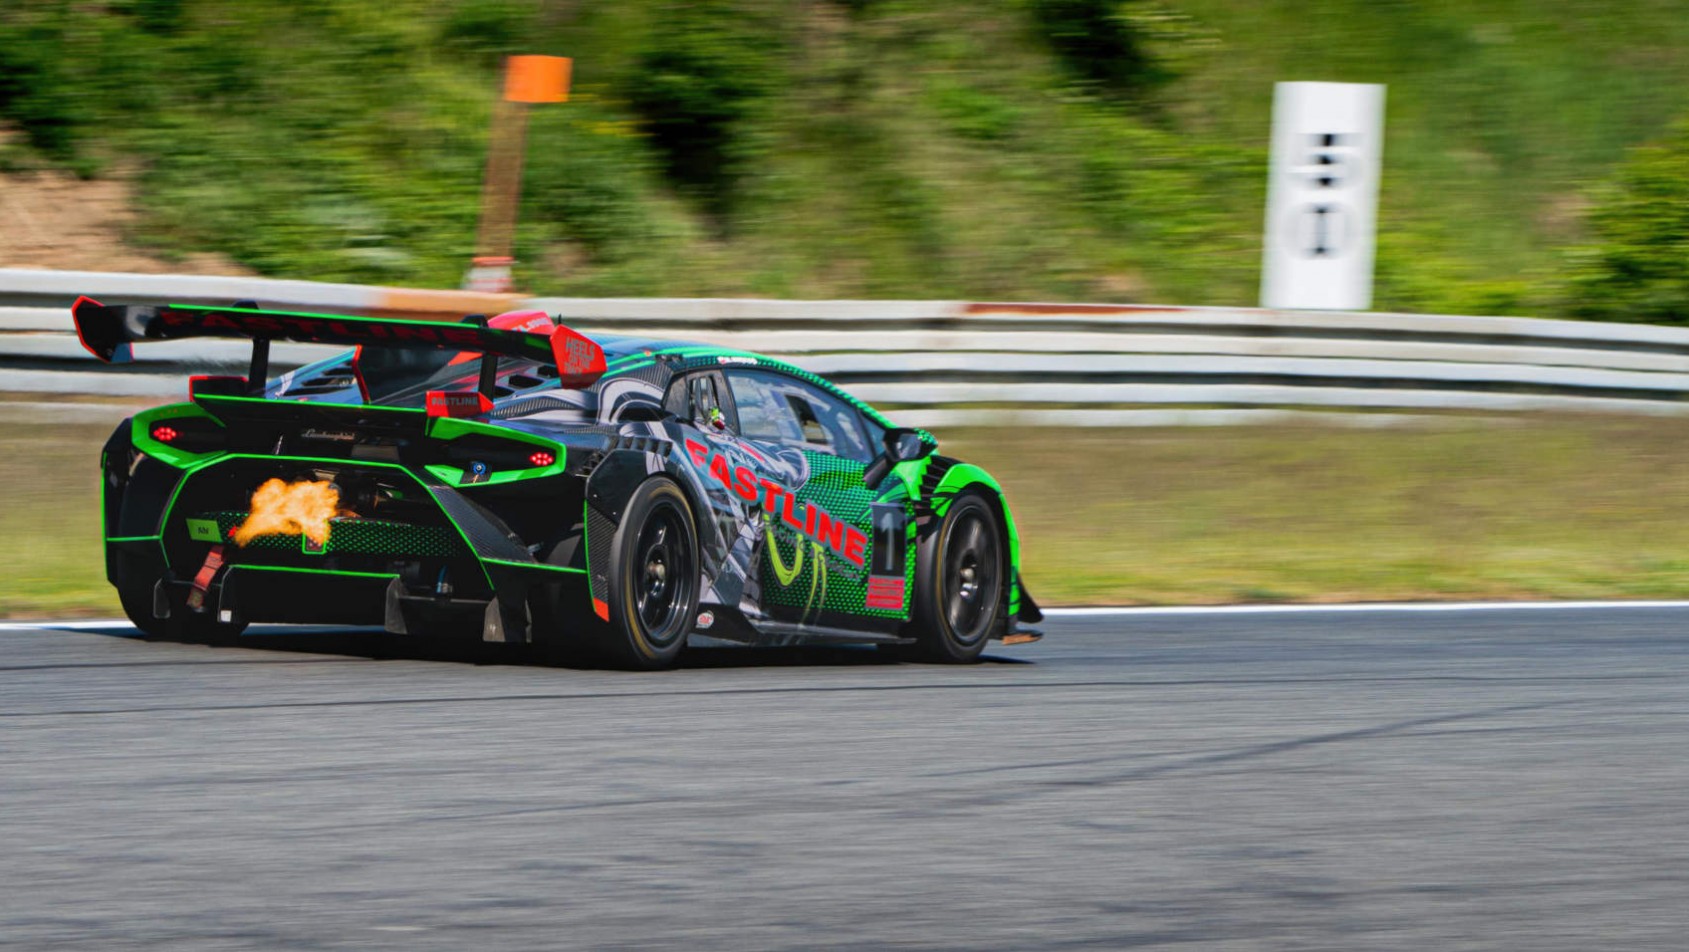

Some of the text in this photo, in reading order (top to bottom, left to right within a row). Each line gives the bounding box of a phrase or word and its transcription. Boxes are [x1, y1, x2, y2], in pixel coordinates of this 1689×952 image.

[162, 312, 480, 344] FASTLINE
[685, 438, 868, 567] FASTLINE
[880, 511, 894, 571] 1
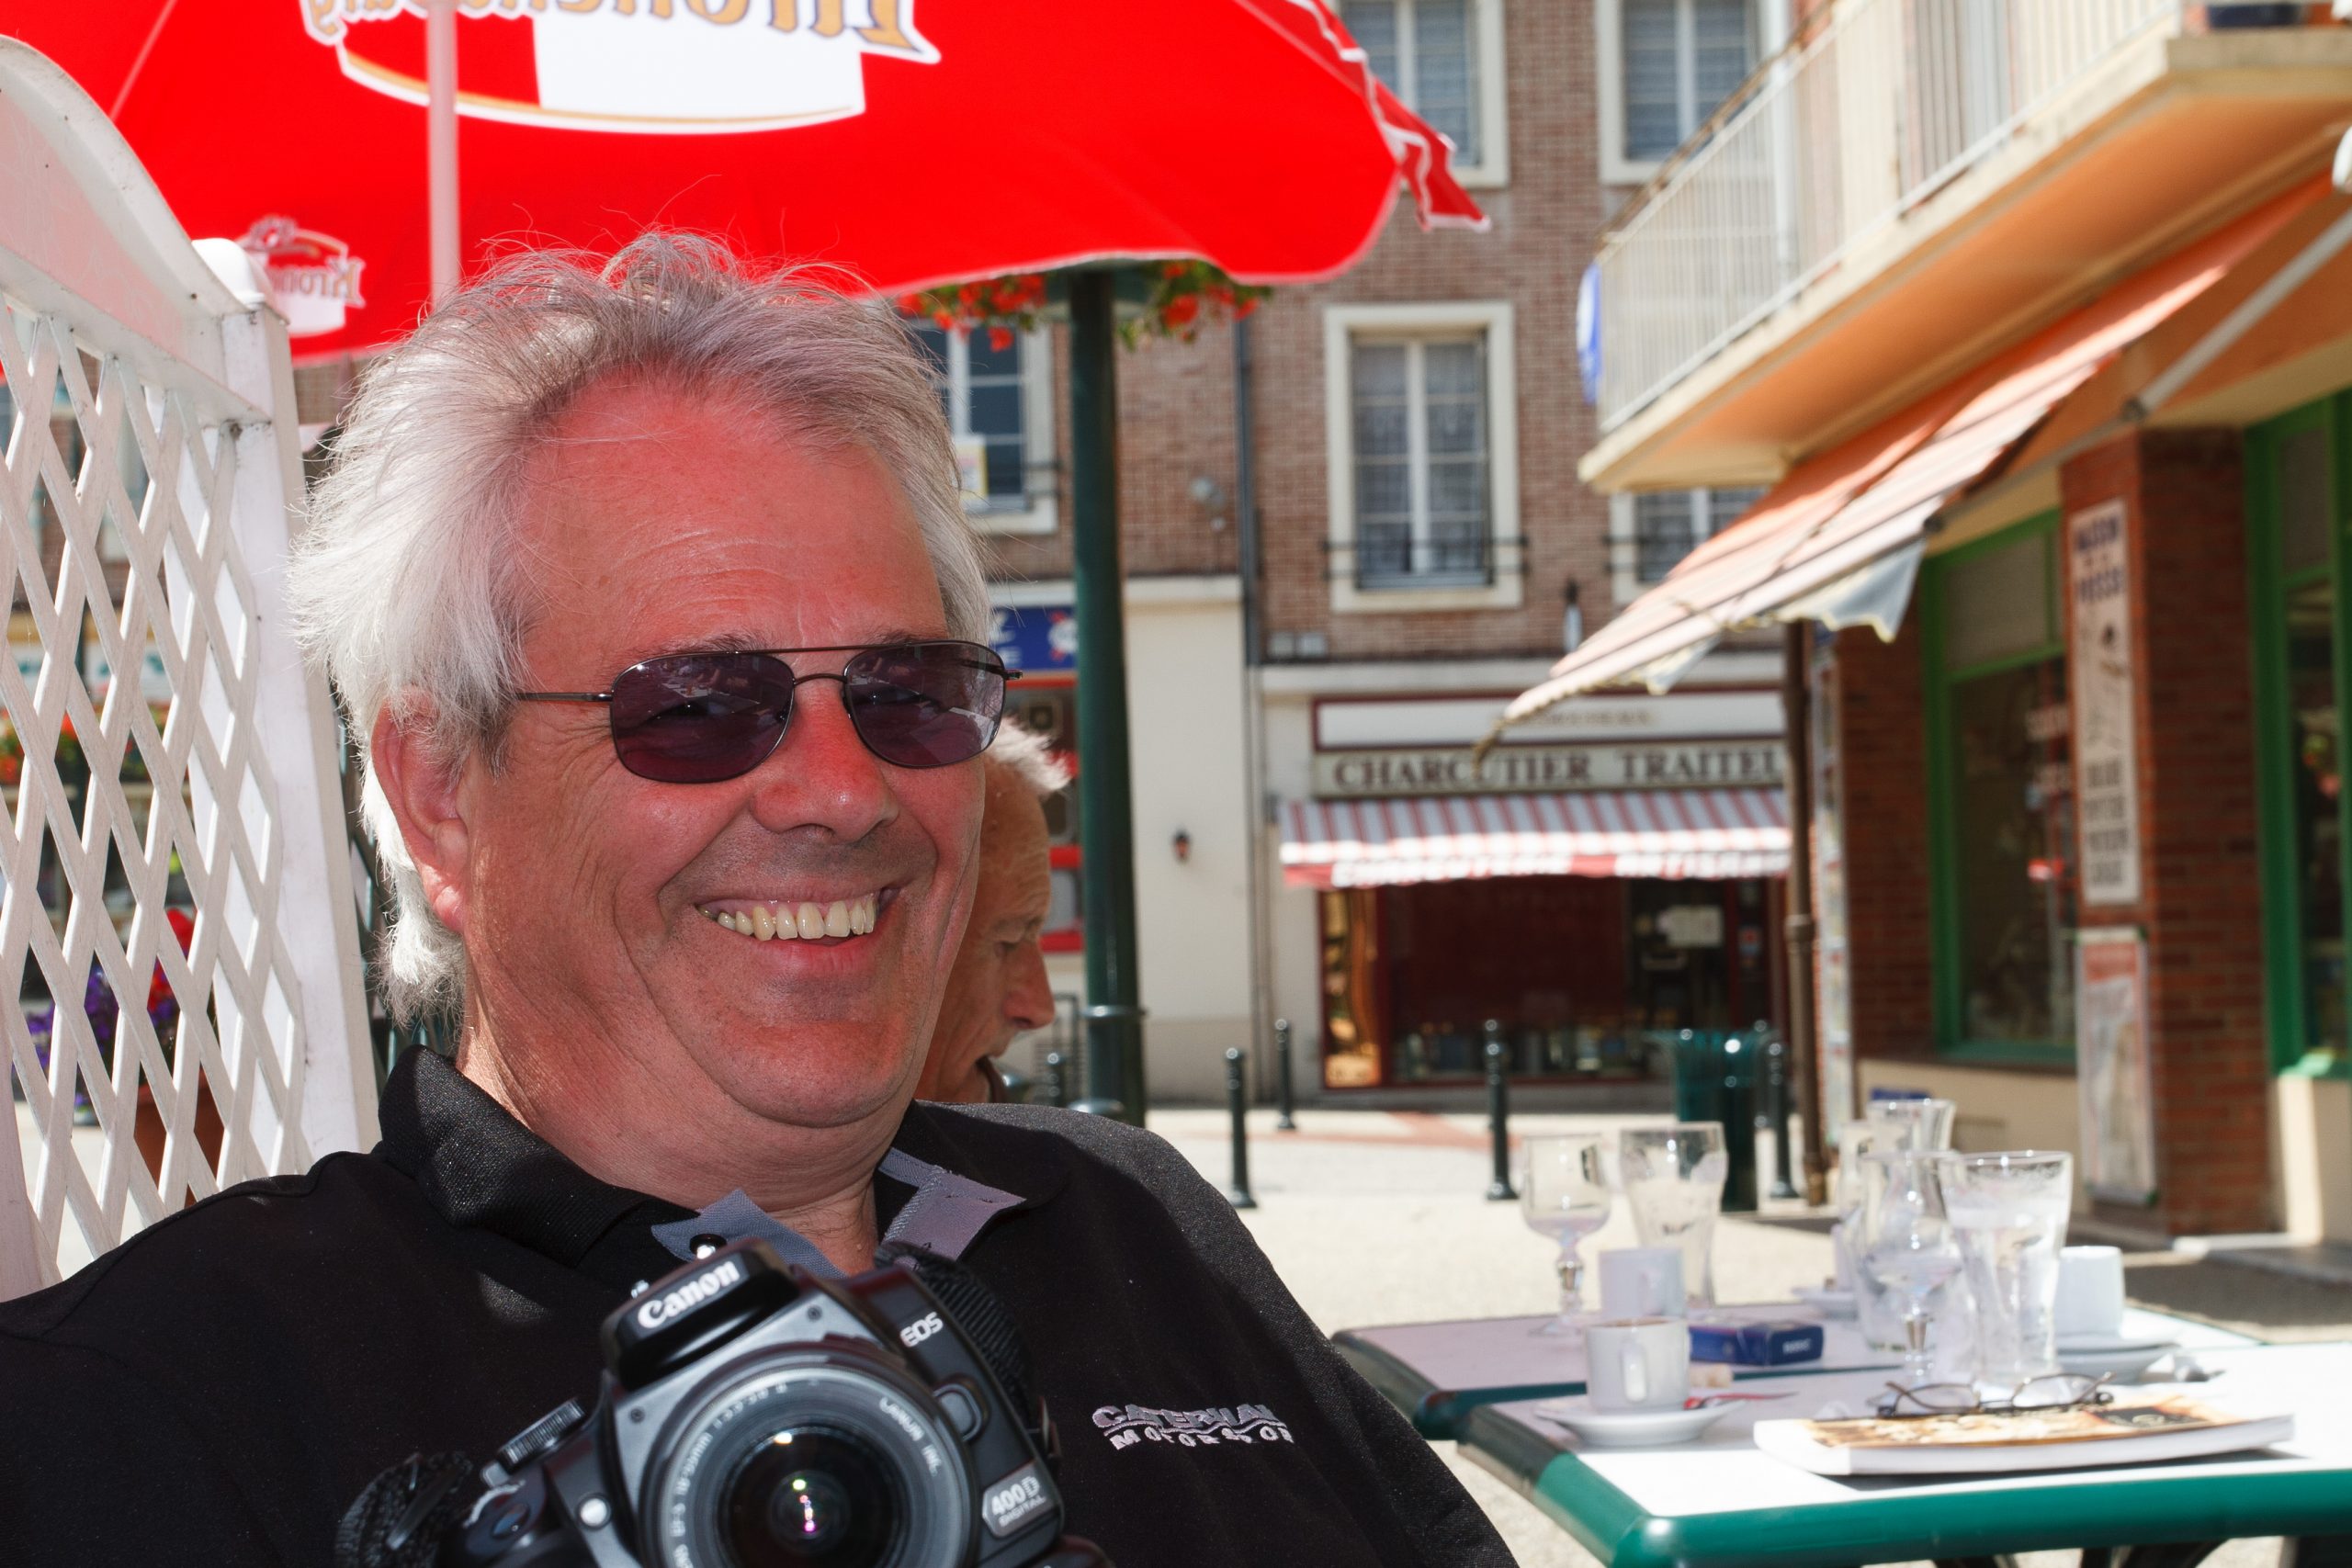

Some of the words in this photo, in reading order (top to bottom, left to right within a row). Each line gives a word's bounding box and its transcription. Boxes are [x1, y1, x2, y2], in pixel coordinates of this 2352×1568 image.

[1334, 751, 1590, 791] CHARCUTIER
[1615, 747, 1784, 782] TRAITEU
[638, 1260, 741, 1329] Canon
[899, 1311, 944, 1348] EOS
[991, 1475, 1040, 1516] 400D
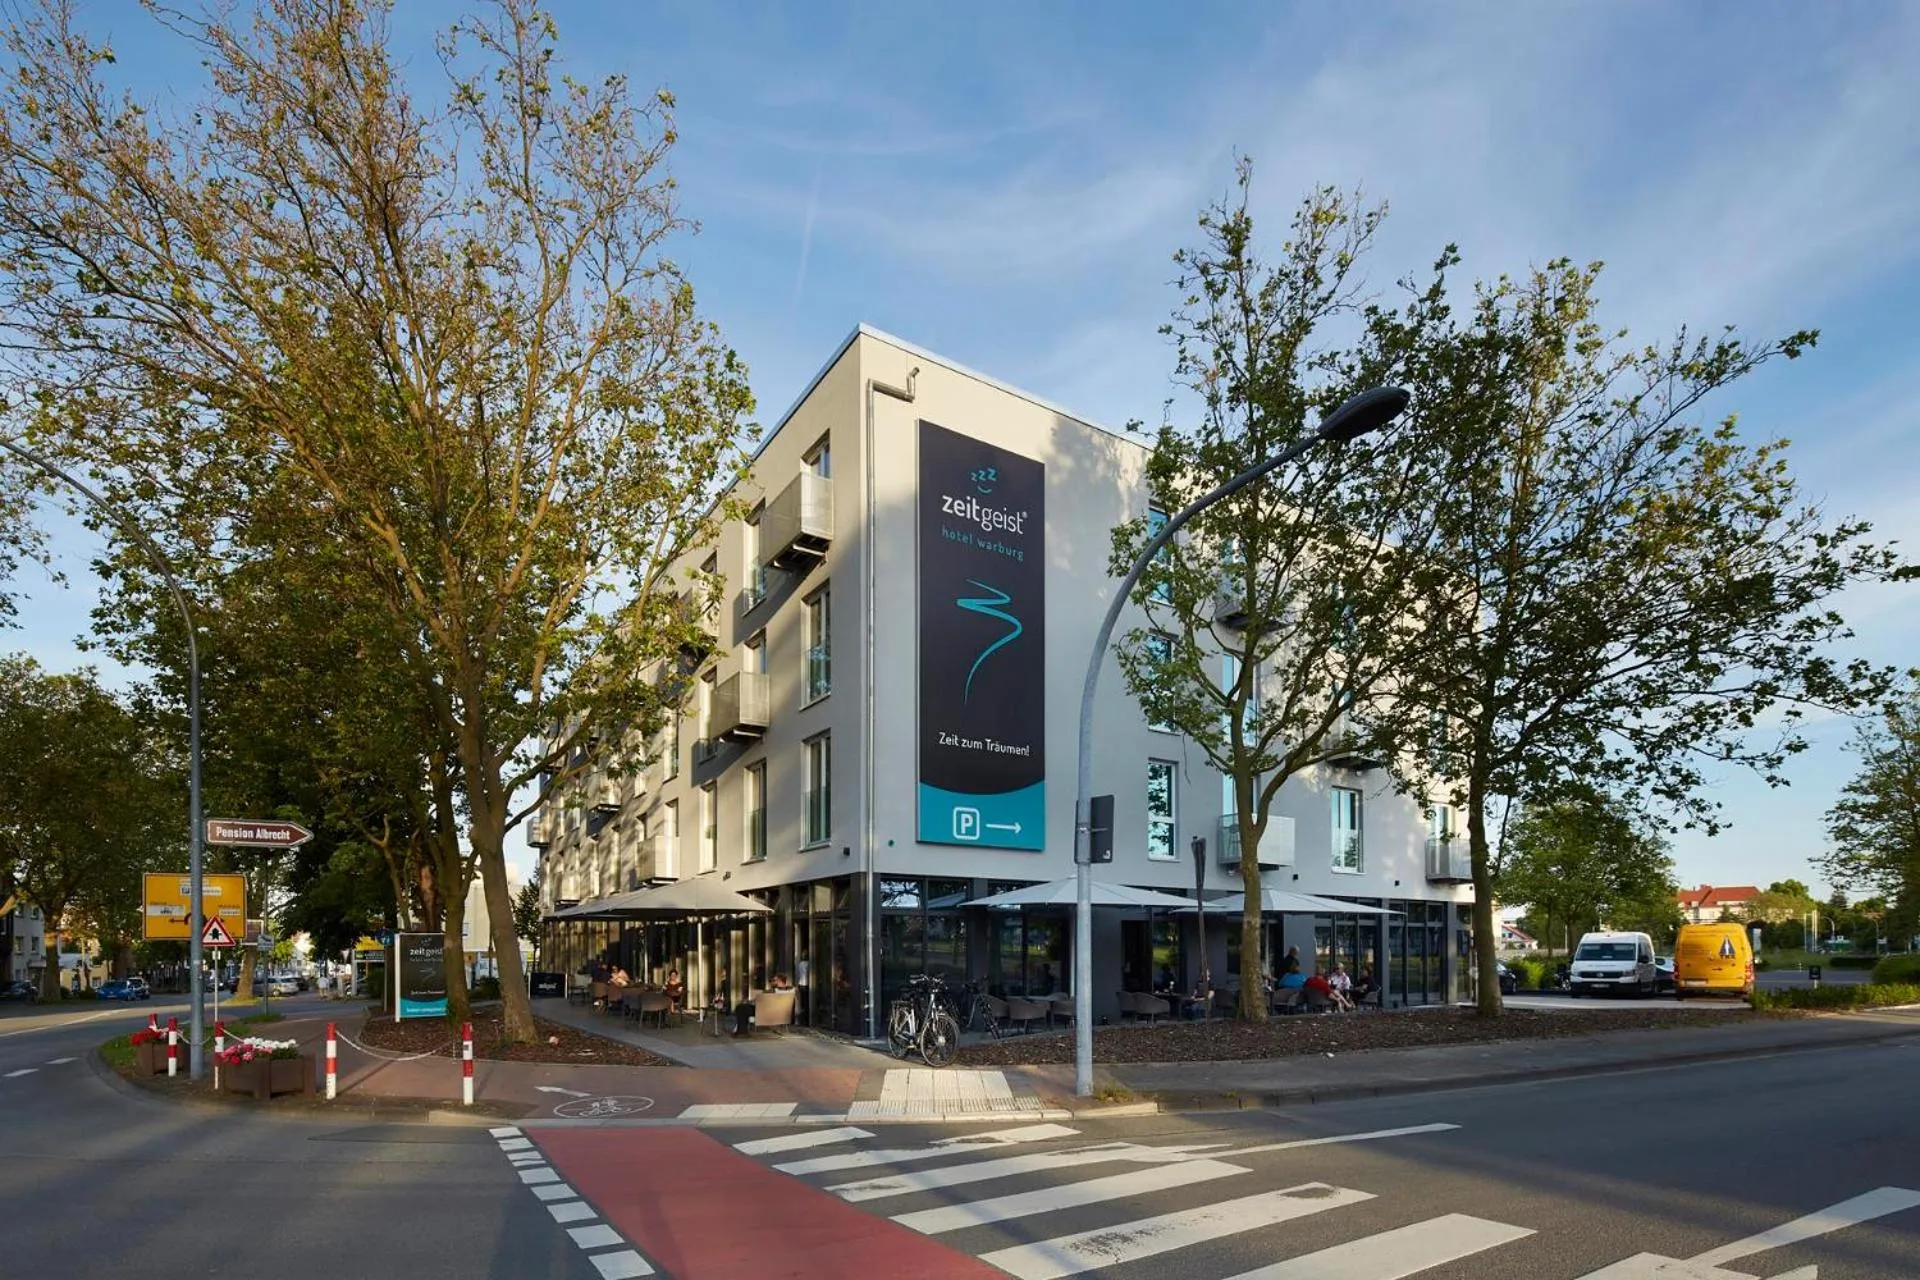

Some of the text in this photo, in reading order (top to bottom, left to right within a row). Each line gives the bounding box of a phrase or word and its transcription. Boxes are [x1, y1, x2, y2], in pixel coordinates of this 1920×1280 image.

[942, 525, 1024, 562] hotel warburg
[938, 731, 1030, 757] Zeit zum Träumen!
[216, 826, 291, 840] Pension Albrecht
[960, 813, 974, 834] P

════════════════════

§ Task goal:
Please reproduce the lines exactly from the one containing "Some of the words" through the last line of the data above, and keep the pictures out.

§ Solution to this exercise:
Some of the words in this photo, in reading order (top to bottom, left to right within a row). Each line gives a word's bounding box and its transcription. Boxes are [x1, y1, x2, y2], in pixel coordinates of this 2352×1568 image.

[1334, 751, 1590, 791] CHARCUTIER
[1615, 747, 1784, 782] TRAITEU
[638, 1260, 741, 1329] Canon
[899, 1311, 944, 1348] EOS
[991, 1475, 1040, 1516] 400D

Some of the text in this photo, in reading order (top to bottom, left to right within a row). Each line gives the bounding box of a phrase or word and its transcription. Boxes are [x1, y1, x2, y2], in pixel coordinates of this 1920×1280 image.

[942, 525, 1024, 562] hotel warburg
[938, 731, 1030, 757] Zeit zum Träumen!
[216, 826, 291, 840] Pension Albrecht
[960, 813, 974, 834] P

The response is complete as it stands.